- **TASK DETAILS**
Would you write out the lines from the one containing "this 1280×1296 image." to the end of the records below, exactly and in full, please?

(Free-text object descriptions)
--------------------

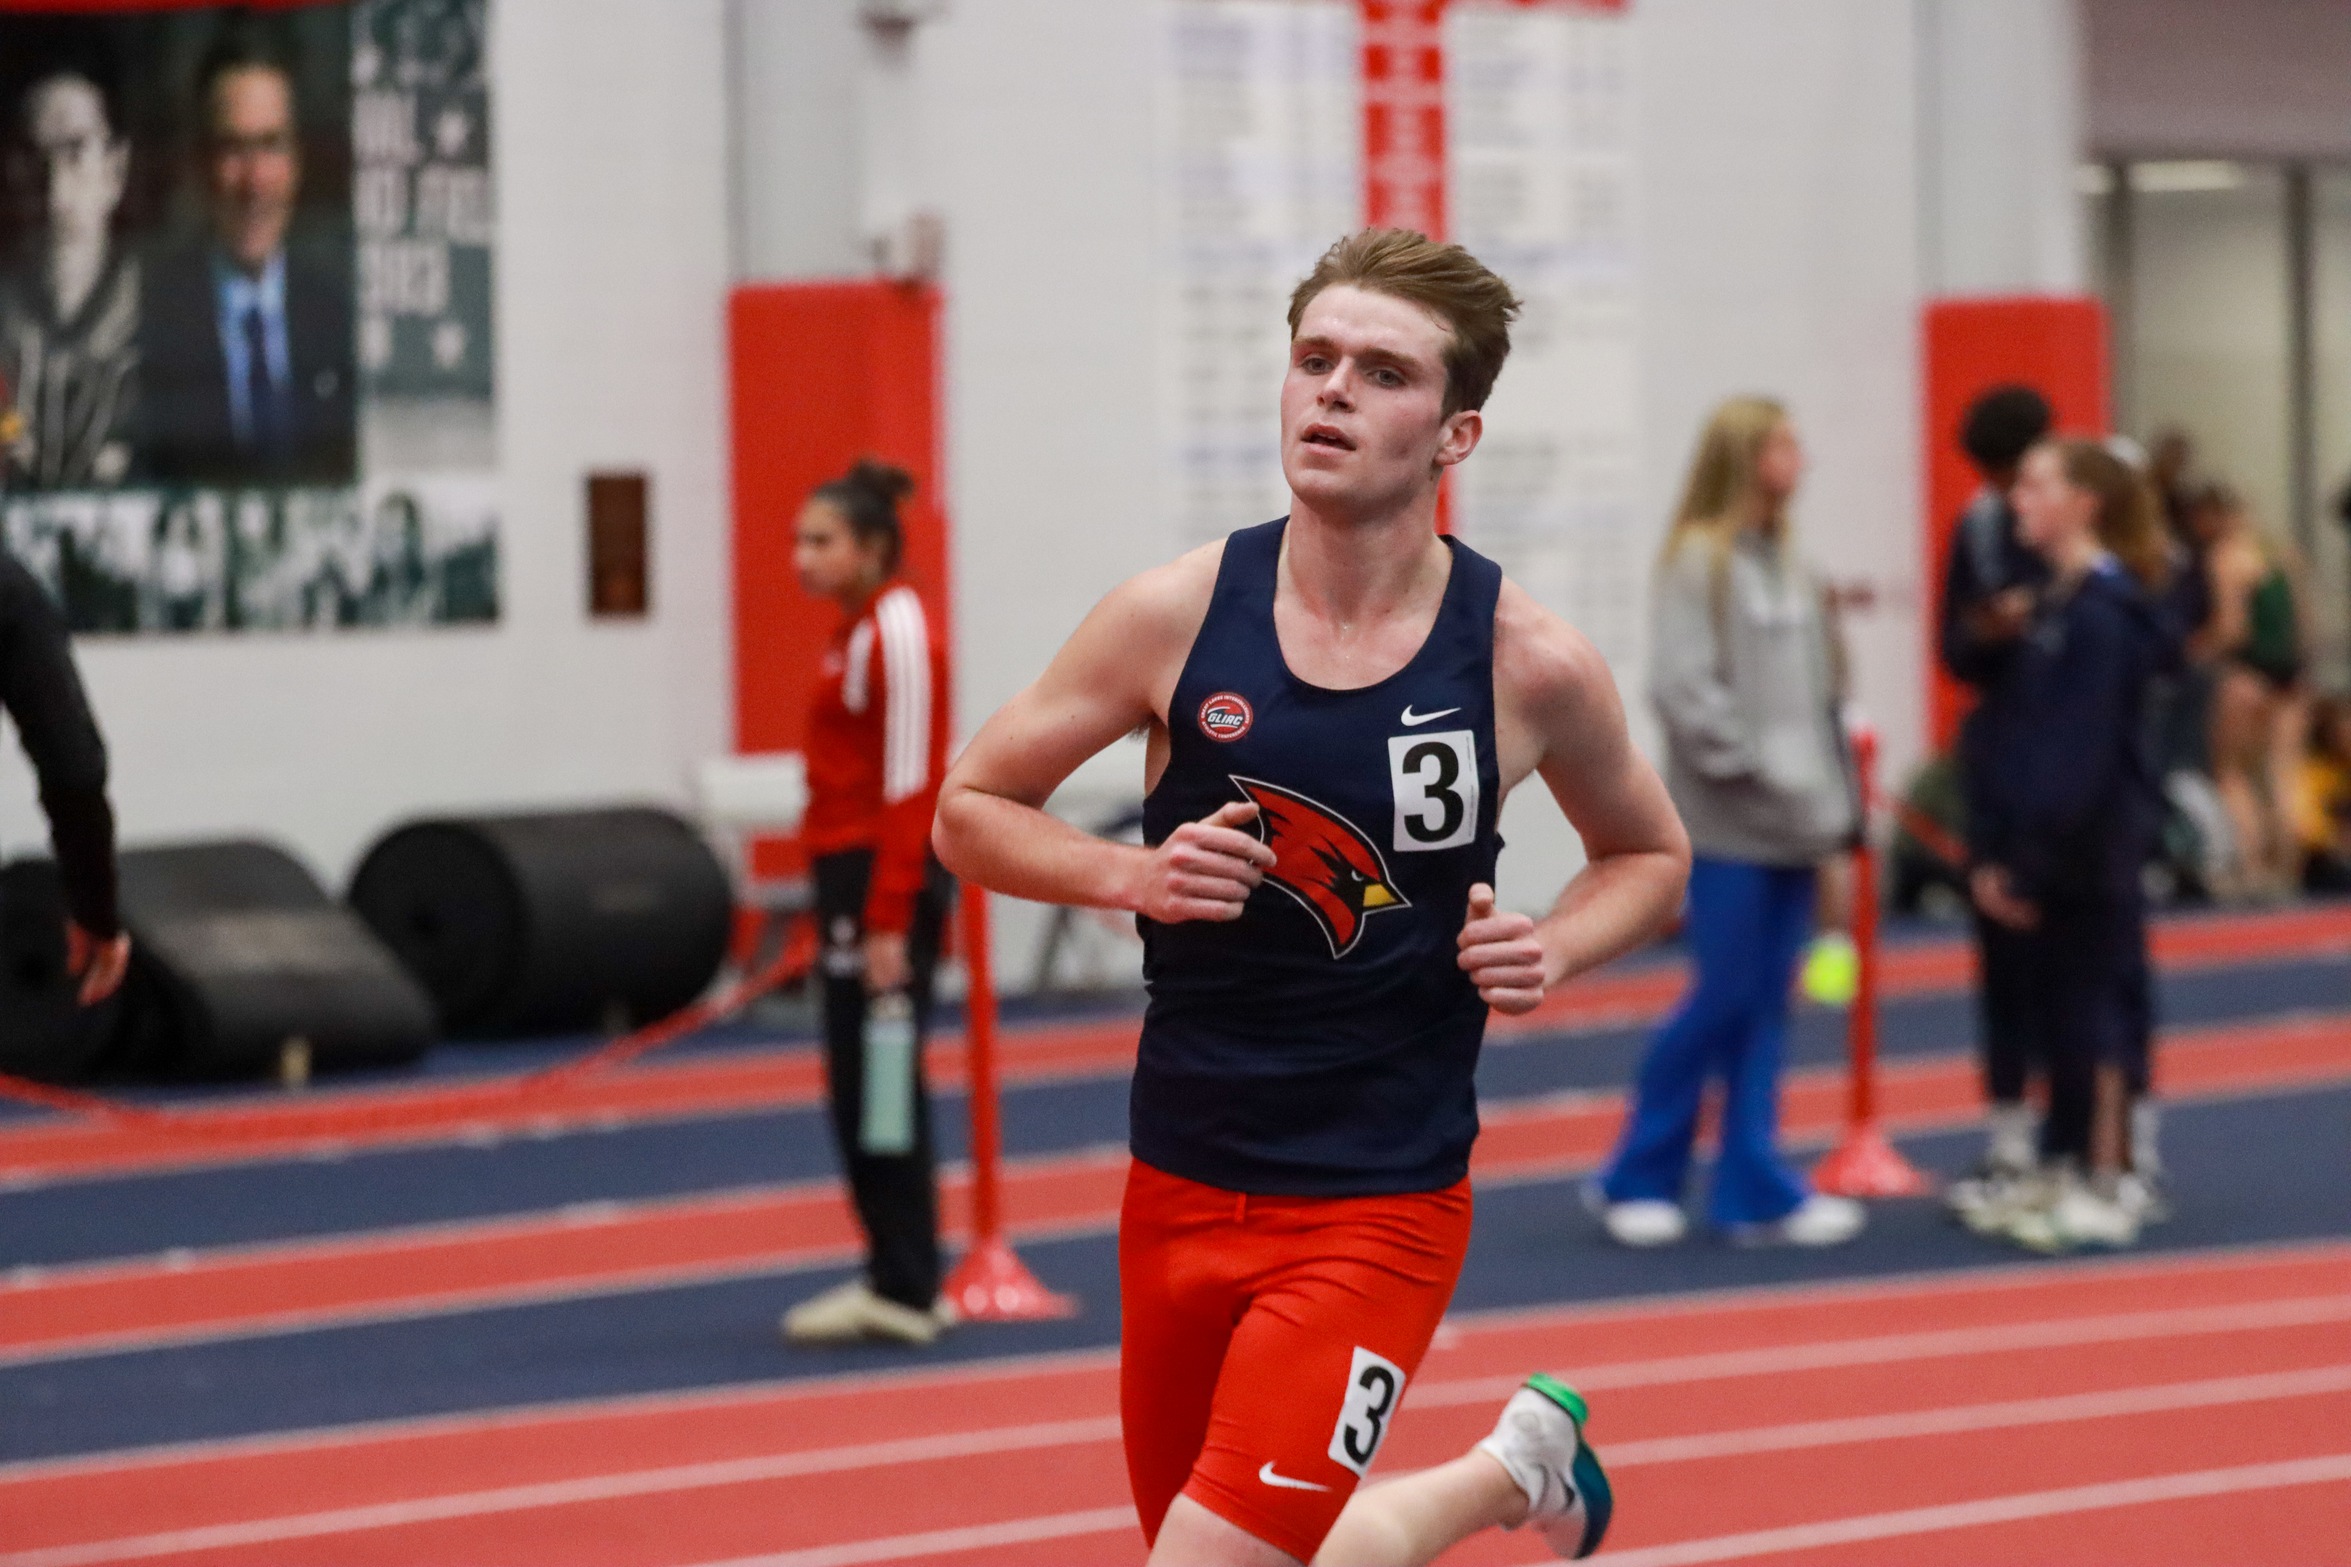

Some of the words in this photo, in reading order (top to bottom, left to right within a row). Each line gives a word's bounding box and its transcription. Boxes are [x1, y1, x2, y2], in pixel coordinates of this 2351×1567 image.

[1207, 713, 1243, 725] GLIAC
[1402, 741, 1464, 843] 3
[1344, 1365, 1395, 1466] 3
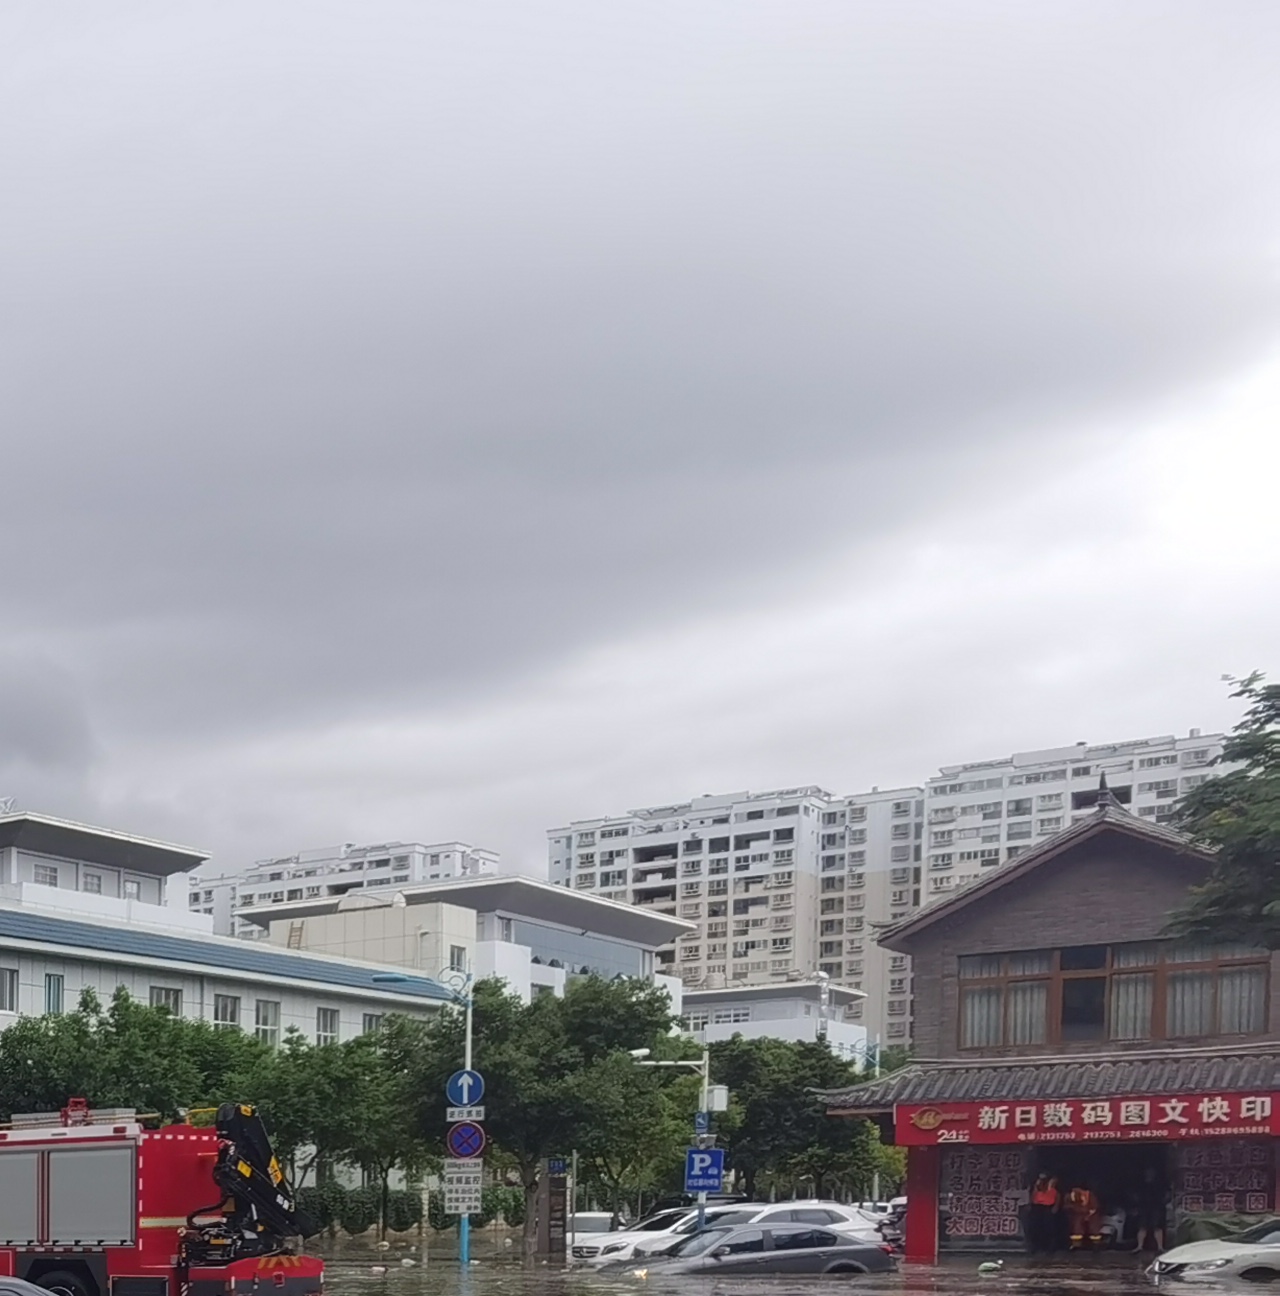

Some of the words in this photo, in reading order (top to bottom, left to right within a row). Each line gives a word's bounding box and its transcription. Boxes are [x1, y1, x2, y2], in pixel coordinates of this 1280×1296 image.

[977, 1096, 1272, 1130] 新日数码图文快印
[691, 1154, 712, 1175] P
[945, 1216, 1019, 1235] 大图复印

--------------------

- **TASK RESPONSE**
Some of the words in this photo, in reading order (top to bottom, left to right within a row). Each line gives a word's bounding box and its transcription. Boxes are [x1, y1, x2, y2], in pixel coordinates of this 1280×1296 image.

[977, 1096, 1272, 1130] 新日数码图文快印
[691, 1154, 712, 1175] P
[945, 1216, 1019, 1235] 大图复印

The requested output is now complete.